Research Points to Possible Treatment Target in Idiopathic Pulmonary Fibrosis (IPF); Targeting Mevalonate Pathway May Abrogate Role of Macrophages in Dysregulated Fibrotic Repair

Long-held dogma says lung fibrosis in diseases like idiopathic pulmonary fibrosis(IPF) results from recurrent injury to alveolar epithelium that is followed by dysregulated repair. Research at the University of Alabama at Birmingham (UAB) uproots that paradigm, and suggests a possible treatment target for IPF. A. Brent Carter(photo, courtesy of UAB), MD, and colleagues reported online on Octobr 14, 2019 in the Journal of Clinical Investigation that the recruited monocyte-derived macrophages, which have an increased flux in the mevalonate metabolic pathway -- without any experimental injury -- can induce lung fibrosis in a mouse model. When there is prior lung injury, the increased flux through the mevalonate pathway exacerbates the resulting fibrosis. The mechanism polarizes macrophages to a profibrotic state that causes pathogenic macrophage/fibroblast signaling. Furthermore, study of humans with IPF showed that three hallmarks of the mechanism that leads to lung fibrosis in the absence of injury in mice are also found in bronchoalveolar (BAL) cells from these patients, as compared to healthy individuals.
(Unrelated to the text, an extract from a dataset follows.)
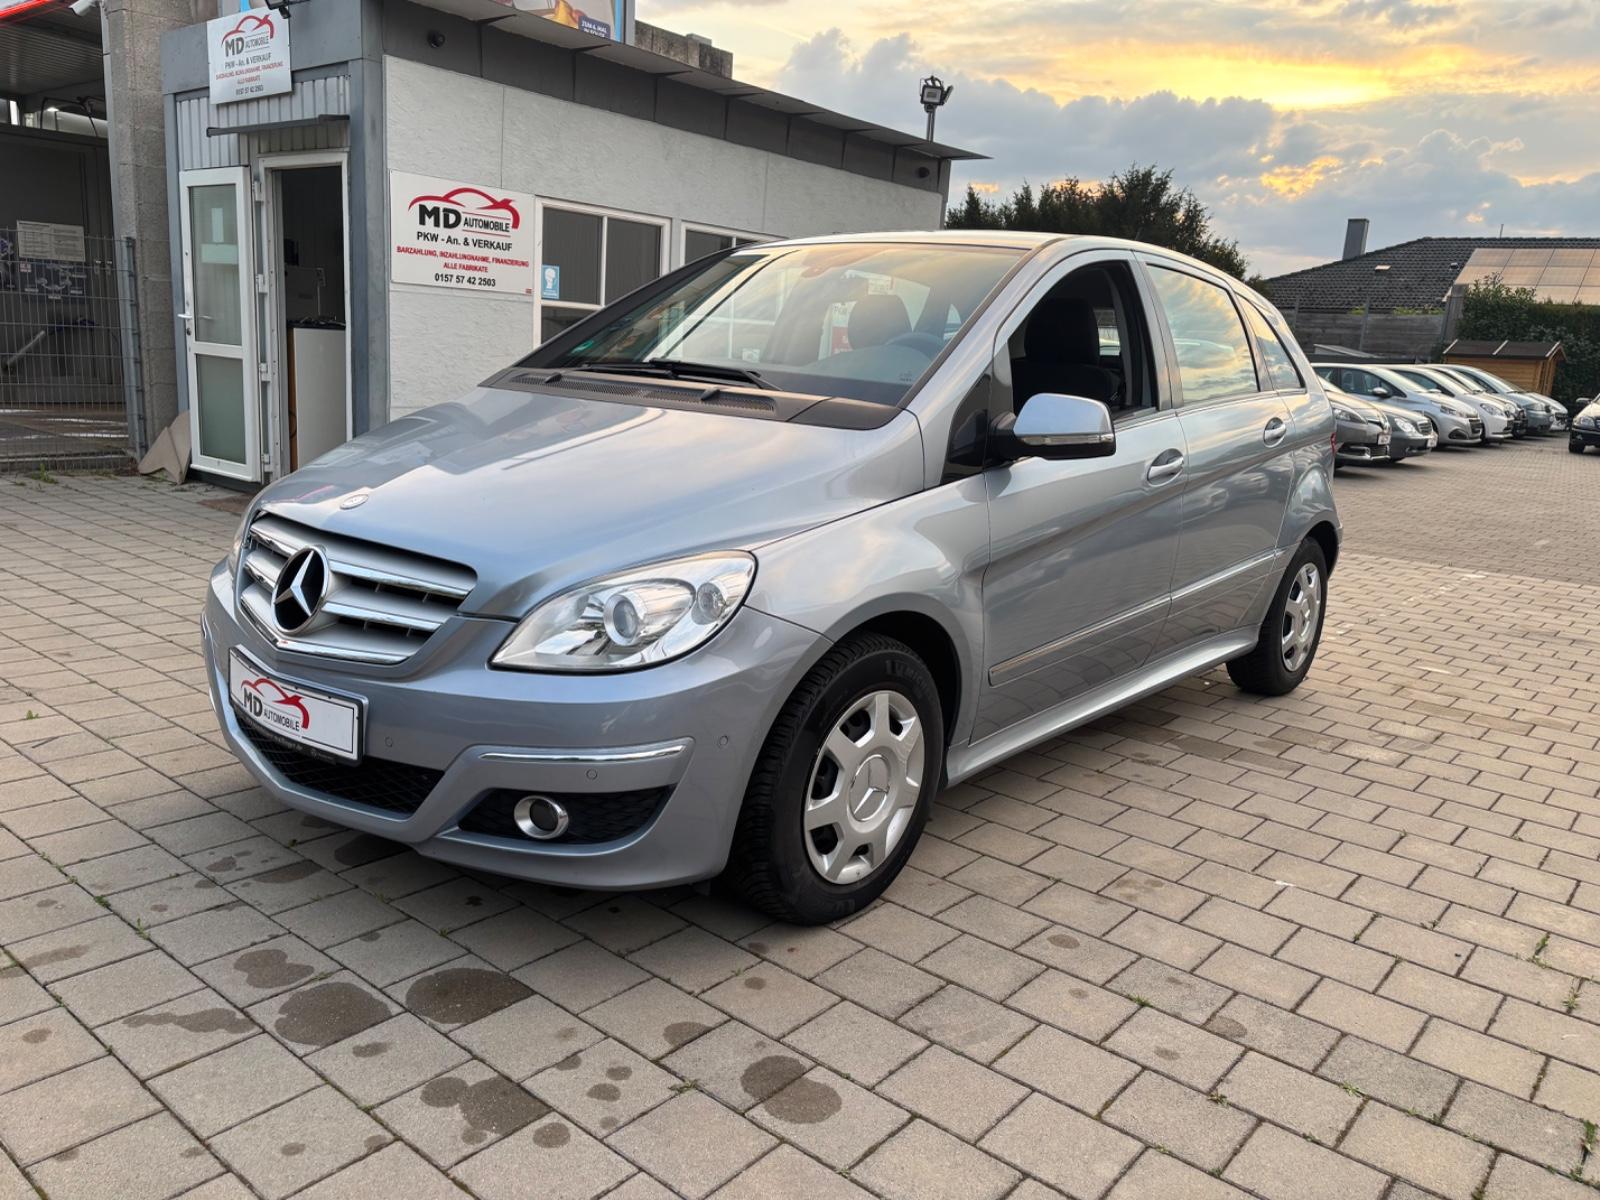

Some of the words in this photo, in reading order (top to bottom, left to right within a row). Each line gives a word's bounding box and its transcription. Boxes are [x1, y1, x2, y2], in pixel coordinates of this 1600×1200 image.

These three hallmarks are 1) activation of the small GTPase protein Rac1 and its localization into the intermembrane space of mitochondria in the BAL cells, 2) increased production of mitochondrial reactive oxygen species by BAL cells from patients with IPF, and 3) evidence of increased flux through the non-sterol arm of the mevalonate pathway in the BAL cells results in the augmented activation of Rac1. "Here, we show a paradigm shift that indicates a critical and essential role for monocyte-derived macrophage/fibroblast crosstalk in the development and progression of fibrosis in the absence of epithelial injury," said Dr. a Professor in the Division of Pulmonary, Allergy, and Critical Care Medicine, UAB Department of Medicine.